A husky man in a corduroy coat shushes them and Aurora jerks her head toward the door. Dan follows her back into the main gallery.
“What do you want to know?” Aurora checks her watch, a thin, silver band. “I’m on in ten minutes.”
Dan hopes the smile on his face is as he feels it—inviting, not smug—but he can’t help feeling pleased with himself. “I want to know, what brings you joy?”
She laughs out loud now, her head thrown back, her long arms sweeping toward the ceiling and crashing down onto her thighs. “All this time, no one’s bothered to ask me that.”
“Really?” Dan feels victorious. He’s done something no one else has.
Her mouth falls open. “You know I’m kidding, right?

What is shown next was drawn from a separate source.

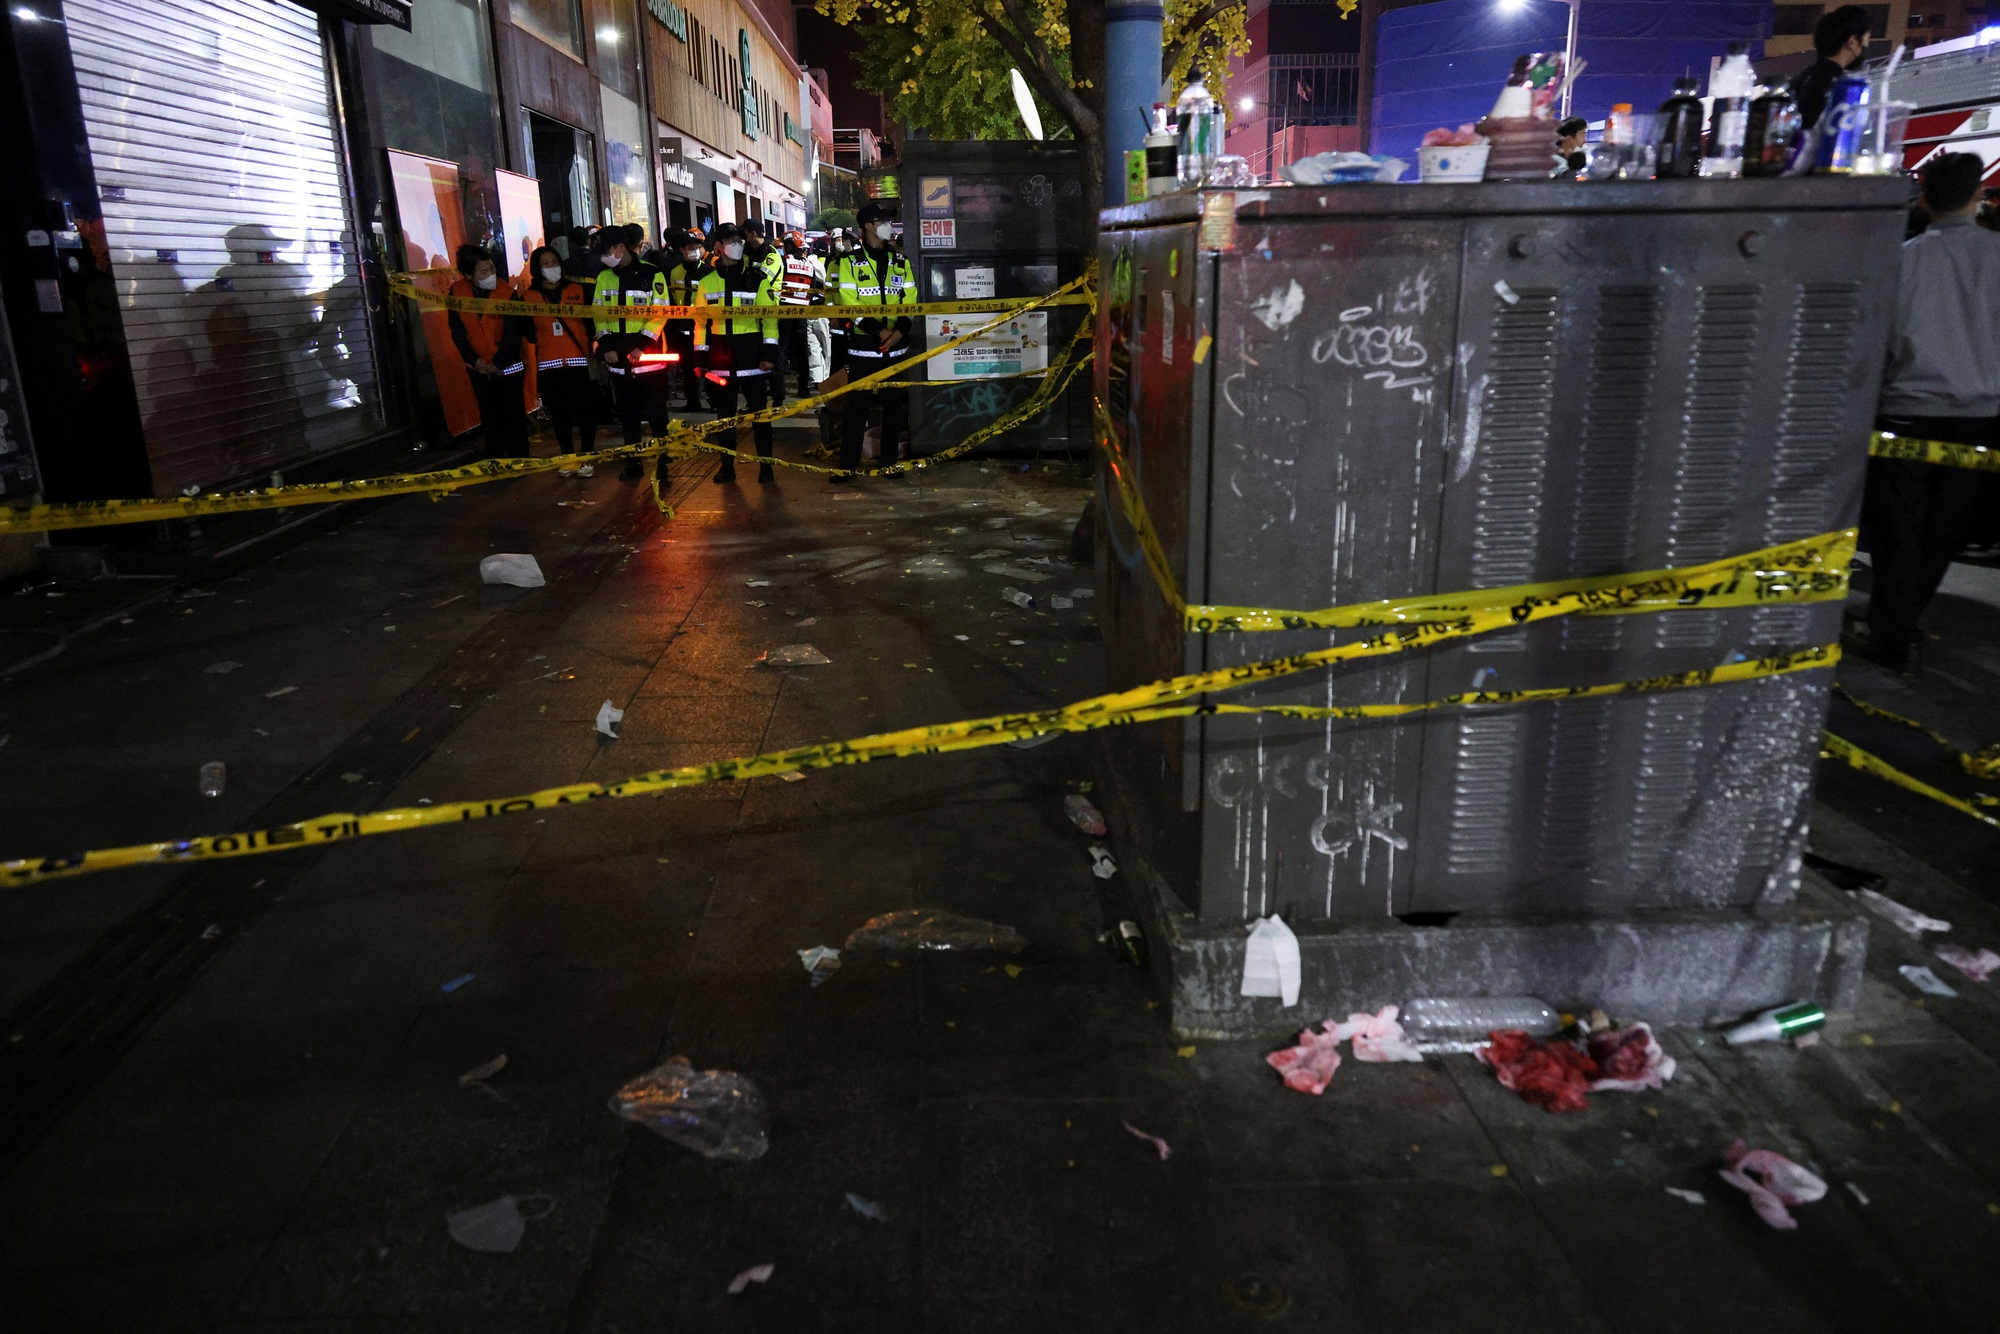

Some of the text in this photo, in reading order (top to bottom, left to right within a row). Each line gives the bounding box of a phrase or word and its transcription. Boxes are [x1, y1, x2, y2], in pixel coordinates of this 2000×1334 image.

Even the kid who cashiers at Walgreens asks me what brings you joy every time I go in there to buy tampons.”
He doesn’t want Aurora to see the disappointment in his face, so he turns toward the TV man’s stage. A member of the audience has climbed up to help him lift, another squatting on the floor to spot him on the release. What do they think they’re accomplishing, extending this guy’s routine?
“I’m sorry. I’m being a smartass.” Aurora pats Dan’s shoulder. “Tell me your answer. What brings you joy?”
He shrugs off the weight of her hand, her gaze. “No, I don’t think I’ll tell you after all.”
“I said I was sorry.” A darkness crosses her face and she pulls on the sleeves of her sweater. “I’m on in a minute. I should go get ready.”
“You don’t know, do you?”
“What?”
“What brings you joy.”
He makes record time on the trip home. As he speeds along the midnight landscape, he imagines that there must be someone out there worth telling.